Treatment scientific advances including the evolutions in the practice environment shape the treatment of depression in recent times. The United States has seen the introduction of several new antidepressants including (fluoxetine (Prozac), nefazodone (Serzone), paroxitene (Paxil), venlafaxine (Effexor), fluvoxamine (Lu-vox), and citalopram (Celexa) sertraline (Zoloft), bupropion (Wellbutrin), mirtazapine (Remeron). The drugs are different in terms of structure and pharmacological nature as compared to tricyclic and monoamine oxidase inhibiting agents. These medications inhibit a benign side effect, a simple dosing strategy, better adherence to prescription and a much lower death risk in situations of overdose as compared to older medications. Given the advantages, these medications have been widely applied in the field. These new drugs have been noted to exhibit a delay in the full therapeutic recourse. It normally takes several weeks for them to show their effect. When looked at against the background of older drugs, they manifest a shadowy relation between drug levels in serum and the response to the treatment. Some of them hold potential risk of presenting drug interaction (Masand, Chengappa, & Edwards, 1998). There have been several attempts in the testing of the available psychotherapies and their effectiveness. Behavioral, cognitive and interpersonal psychotherapy that are structured and limited in terms of time have been demonstrated to be equal in the levels of efficacy to anti-depressant medications for moderate and mild psychotic and non-bipolar major depression; this is the type that has been commonly seen in most medical environments. These medications are generally a welcome alternative to the patients that are averse or intolerant to antidepressants. They are also attractive to the patients that prefer to use psychotherapy, pregnant women and nursing mothers. It is not clear whether the effect of combining psychotherapy and pharmacotherapy is more successful than when the options are applied independently. The role of other psychotherapeutic options is also largely unknown (Goldman, Nielsen, & Champion, 1999).

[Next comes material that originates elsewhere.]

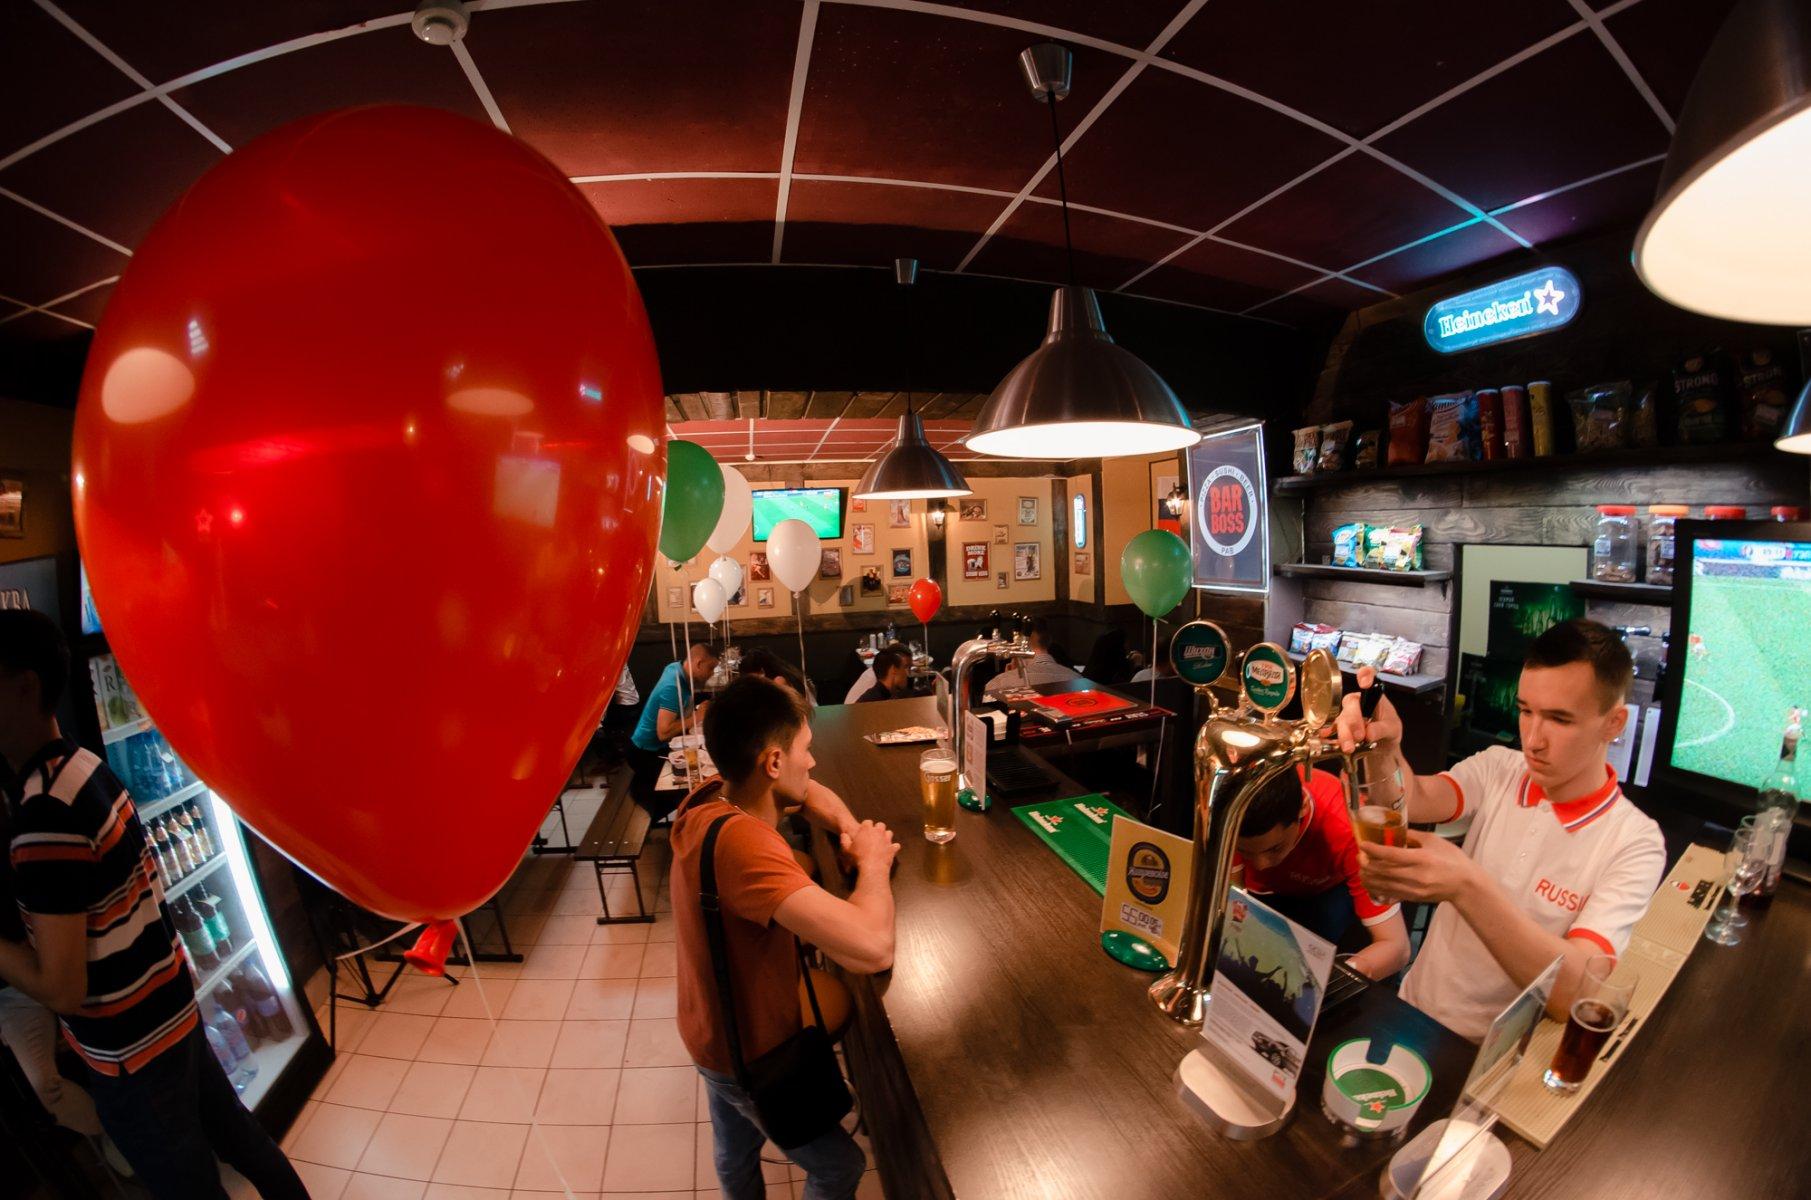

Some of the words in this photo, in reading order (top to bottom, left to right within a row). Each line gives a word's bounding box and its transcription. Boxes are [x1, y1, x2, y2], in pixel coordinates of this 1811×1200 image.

[1438, 291, 1534, 338] Heineken
[1210, 484, 1243, 512] BAR
[1211, 512, 1245, 535] BOSS

Depression is increasingly appreciated as a chronic illness. At least half of those that experience major depression episodes without another medical condition occurring at the same time will proceed to experience another one. After a number of episodes, the risk of reoccurrence increases to 90%. Although a lot of patients make a complete recovery from specific episodes with the use of treatment or without it, approximately a fifth to a third of them have their symptoms persist residually or functioning impairment or both issues. There is an increased interest in the use of medications in prophylactic fashion, especially after the patient has undergone a number of episodes, i.e. after stopping psychotherapy or when it is offered at random or far between. Most of the information regarding the prevalence of infection, the cause and the treatment efficacy levels was reexamined, synthesized and published as a set of guidelines for treatment on depression focused on primary care centers by the Agency for Health Care Policy and Research (AHCPR) (Agency for Health Care Policy and Research, 1993)

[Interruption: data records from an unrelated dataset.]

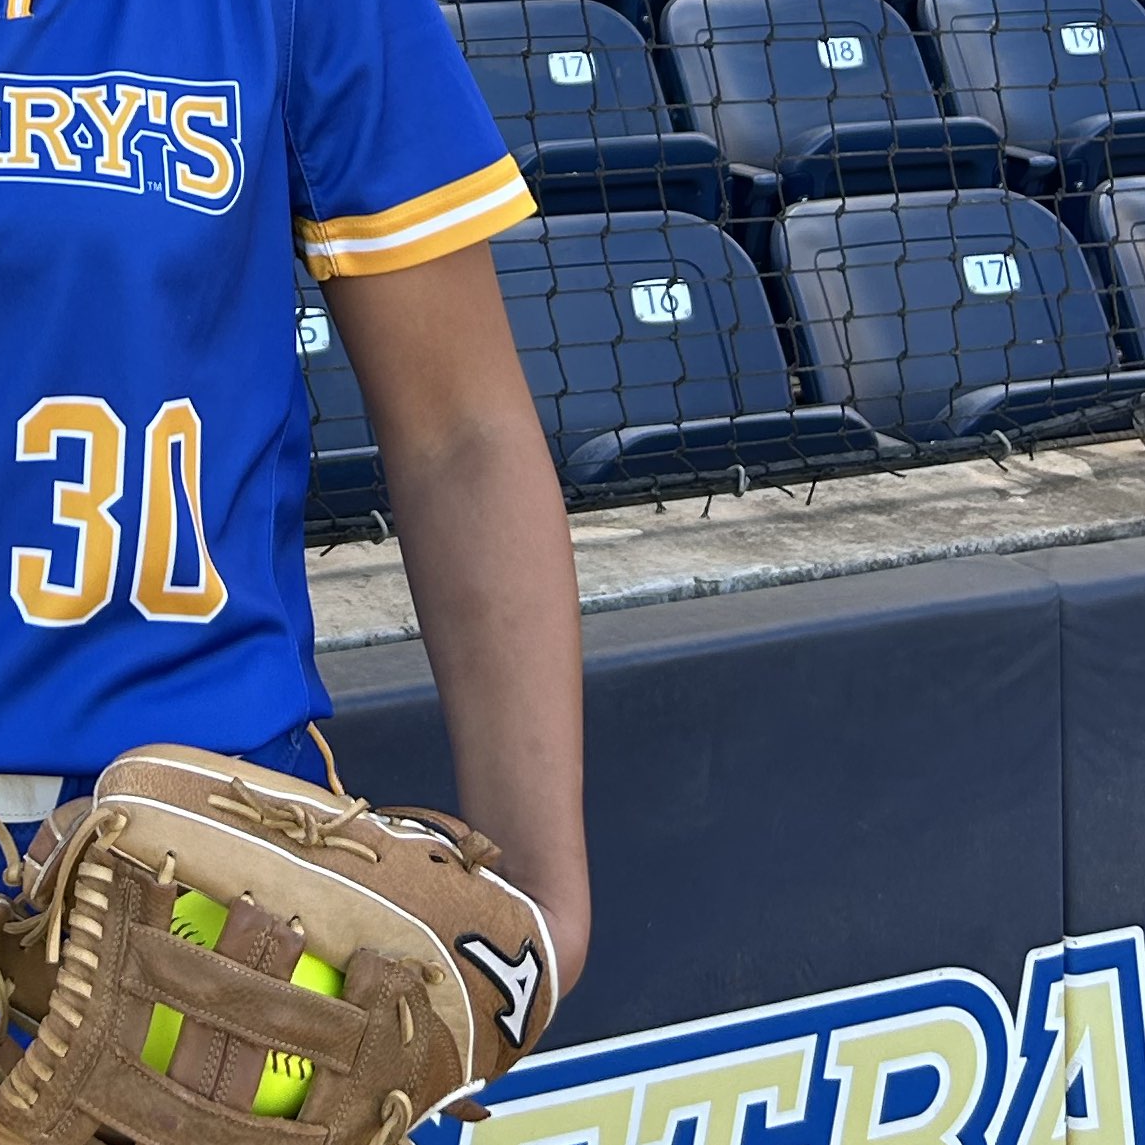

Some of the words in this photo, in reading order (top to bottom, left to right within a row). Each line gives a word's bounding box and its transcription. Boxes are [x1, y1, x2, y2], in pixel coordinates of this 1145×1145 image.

[1071, 27, 1094, 48] 19
[829, 41, 854, 61] 18
[559, 56, 583, 77] 17
[975, 260, 1004, 286] 17
[643, 285, 679, 313] 16
[10, 396, 229, 627] 30

Missing or Unstated Information and Assumptions in The Literature in Use
Contrary to the idiographic analysis of depressive disorder, the model applied in medical disease systems claims that depression is fundamentally a syndrome or a multiplicity of syndromes and that people inherit the risk for the syndrome-based response. Such a model draws information from research that shows some level of inheritance tendencies for people with the condition (Wallace, Schneider, & McGuffin, 2002). Yet, looking at the mode and details of the research, it is apparent that environmental factors play a much greater role in the symptomatic manifestations by the twins than genetic influences except for the extremely severe cases. There has also been widespread criticism of the research that highlights methodical flaws and assumptions in the research process. Therefore, inheritance as a major factor in the occurrence of depression has been greatly criticized. However, to be fair, it is apparent that there is some aspect of inheritance in some depression cases. There are theories that postulate such claims as depression facilitates conservation of resources and disengaging, in failed goal-directed activity by decreasing one's appetite, motivation, and the level of energy. For example, people try to avoid situations that avert negative reinforcement as they learn the rules of a new environment such as are the case when travelling to a new country. If such a person were to pursue a goal-directed activity such as looking for gainful employment, chances of failure would be significantly high.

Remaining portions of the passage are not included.